• [HOW TO COMPLETE THIS TASK]: Please repeat each line of the data exactly, with nothing left out.

== Segment start ==

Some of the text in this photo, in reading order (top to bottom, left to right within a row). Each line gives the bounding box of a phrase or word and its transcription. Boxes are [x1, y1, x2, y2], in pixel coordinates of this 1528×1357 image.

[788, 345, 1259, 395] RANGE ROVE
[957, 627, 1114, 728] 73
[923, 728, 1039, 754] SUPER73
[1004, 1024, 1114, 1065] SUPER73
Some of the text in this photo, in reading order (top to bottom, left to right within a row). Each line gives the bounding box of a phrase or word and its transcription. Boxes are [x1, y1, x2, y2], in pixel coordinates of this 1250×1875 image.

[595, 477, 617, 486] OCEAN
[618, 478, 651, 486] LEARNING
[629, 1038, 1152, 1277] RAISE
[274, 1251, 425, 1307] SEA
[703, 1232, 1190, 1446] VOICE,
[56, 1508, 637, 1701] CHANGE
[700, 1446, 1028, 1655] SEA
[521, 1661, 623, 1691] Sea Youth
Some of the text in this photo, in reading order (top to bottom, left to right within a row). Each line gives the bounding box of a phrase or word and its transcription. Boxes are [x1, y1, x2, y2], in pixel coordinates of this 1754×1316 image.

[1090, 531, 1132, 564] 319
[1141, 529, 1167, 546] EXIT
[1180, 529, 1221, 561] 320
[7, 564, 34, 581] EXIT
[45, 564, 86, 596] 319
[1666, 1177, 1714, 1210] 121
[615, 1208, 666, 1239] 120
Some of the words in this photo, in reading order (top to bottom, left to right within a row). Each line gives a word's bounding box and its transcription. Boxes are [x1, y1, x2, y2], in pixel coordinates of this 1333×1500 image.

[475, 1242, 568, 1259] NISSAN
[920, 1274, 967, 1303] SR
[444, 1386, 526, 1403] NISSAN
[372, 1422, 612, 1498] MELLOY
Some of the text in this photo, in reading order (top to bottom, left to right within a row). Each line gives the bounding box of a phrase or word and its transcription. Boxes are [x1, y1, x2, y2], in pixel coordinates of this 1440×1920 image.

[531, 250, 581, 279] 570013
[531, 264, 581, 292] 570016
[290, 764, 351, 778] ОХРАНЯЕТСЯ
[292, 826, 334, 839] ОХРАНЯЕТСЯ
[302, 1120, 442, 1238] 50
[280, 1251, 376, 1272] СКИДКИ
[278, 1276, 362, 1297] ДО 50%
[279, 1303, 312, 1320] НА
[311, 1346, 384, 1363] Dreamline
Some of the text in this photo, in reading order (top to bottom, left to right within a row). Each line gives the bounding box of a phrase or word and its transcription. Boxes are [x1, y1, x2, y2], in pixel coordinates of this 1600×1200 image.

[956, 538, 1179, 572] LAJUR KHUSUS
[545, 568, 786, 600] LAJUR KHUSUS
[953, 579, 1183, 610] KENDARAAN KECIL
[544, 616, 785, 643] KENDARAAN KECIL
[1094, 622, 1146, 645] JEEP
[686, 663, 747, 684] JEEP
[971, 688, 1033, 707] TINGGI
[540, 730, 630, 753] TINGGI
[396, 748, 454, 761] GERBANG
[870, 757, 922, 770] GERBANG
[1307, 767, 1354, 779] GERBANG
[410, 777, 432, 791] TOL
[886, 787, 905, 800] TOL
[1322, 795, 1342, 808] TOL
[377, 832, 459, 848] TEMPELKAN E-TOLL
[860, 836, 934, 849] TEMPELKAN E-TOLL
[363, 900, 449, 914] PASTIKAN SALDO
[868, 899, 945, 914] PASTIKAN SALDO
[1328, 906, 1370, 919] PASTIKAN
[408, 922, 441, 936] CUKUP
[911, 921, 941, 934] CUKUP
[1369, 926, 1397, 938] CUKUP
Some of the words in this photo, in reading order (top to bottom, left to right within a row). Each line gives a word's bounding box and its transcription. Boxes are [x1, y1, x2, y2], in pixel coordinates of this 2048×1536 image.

== Segment end ==

• [EXERCISE ANSWER]:
Some of the text in this photo, in reading order (top to bottom, left to right within a row). Each line gives the bounding box of a phrase or word and its transcription. Boxes are [x1, y1, x2, y2], in pixel coordinates of this 1528×1357 image.

[788, 345, 1259, 395] RANGE ROVE
[957, 627, 1114, 728] 73
[923, 728, 1039, 754] SUPER73
[1004, 1024, 1114, 1065] SUPER73
Some of the text in this photo, in reading order (top to bottom, left to right within a row). Each line gives the bounding box of a phrase or word and its transcription. Boxes are [x1, y1, x2, y2], in pixel coordinates of this 1250×1875 image.

[595, 477, 617, 486] OCEAN
[618, 478, 651, 486] LEARNING
[629, 1038, 1152, 1277] RAISE
[274, 1251, 425, 1307] SEA
[703, 1232, 1190, 1446] VOICE,
[56, 1508, 637, 1701] CHANGE
[700, 1446, 1028, 1655] SEA
[521, 1661, 623, 1691] Sea Youth
Some of the text in this photo, in reading order (top to bottom, left to right within a row). Each line gives the bounding box of a phrase or word and its transcription. Boxes are [x1, y1, x2, y2], in pixel coordinates of this 1754×1316 image.

[1090, 531, 1132, 564] 319
[1141, 529, 1167, 546] EXIT
[1180, 529, 1221, 561] 320
[7, 564, 34, 581] EXIT
[45, 564, 86, 596] 319
[1666, 1177, 1714, 1210] 121
[615, 1208, 666, 1239] 120
Some of the words in this photo, in reading order (top to bottom, left to right within a row). Each line gives a word's bounding box and its transcription. Boxes are [x1, y1, x2, y2], in pixel coordinates of this 1333×1500 image.

[475, 1242, 568, 1259] NISSAN
[920, 1274, 967, 1303] SR
[444, 1386, 526, 1403] NISSAN
[372, 1422, 612, 1498] MELLOY
Some of the text in this photo, in reading order (top to bottom, left to right within a row). Each line gives the bounding box of a phrase or word and its transcription. Boxes are [x1, y1, x2, y2], in pixel coordinates of this 1440×1920 image.

[531, 250, 581, 279] 570013
[531, 264, 581, 292] 570016
[290, 764, 351, 778] ОХРАНЯЕТСЯ
[292, 826, 334, 839] ОХРАНЯЕТСЯ
[302, 1120, 442, 1238] 50
[280, 1251, 376, 1272] СКИДКИ
[278, 1276, 362, 1297] ДО 50%
[279, 1303, 312, 1320] НА
[311, 1346, 384, 1363] Dreamline
Some of the text in this photo, in reading order (top to bottom, left to right within a row). Each line gives the bounding box of a phrase or word and its transcription. Boxes are [x1, y1, x2, y2], in pixel coordinates of this 1600×1200 image.

[956, 538, 1179, 572] LAJUR KHUSUS
[545, 568, 786, 600] LAJUR KHUSUS
[953, 579, 1183, 610] KENDARAAN KECIL
[544, 616, 785, 643] KENDARAAN KECIL
[1094, 622, 1146, 645] JEEP
[686, 663, 747, 684] JEEP
[971, 688, 1033, 707] TINGGI
[540, 730, 630, 753] TINGGI
[396, 748, 454, 761] GERBANG
[870, 757, 922, 770] GERBANG
[1307, 767, 1354, 779] GERBANG
[410, 777, 432, 791] TOL
[886, 787, 905, 800] TOL
[1322, 795, 1342, 808] TOL
[377, 832, 459, 848] TEMPELKAN E-TOLL
[860, 836, 934, 849] TEMPELKAN E-TOLL
[363, 900, 449, 914] PASTIKAN SALDO
[868, 899, 945, 914] PASTIKAN SALDO
[1328, 906, 1370, 919] PASTIKAN
[408, 922, 441, 936] CUKUP
[911, 921, 941, 934] CUKUP
[1369, 926, 1397, 938] CUKUP
Some of the words in this photo, in reading order (top to bottom, left to right within a row). Each line gives a word's bounding box and its transcription. Boxes are [x1, y1, x2, y2], in pixel coordinates of this 2048×1536 image.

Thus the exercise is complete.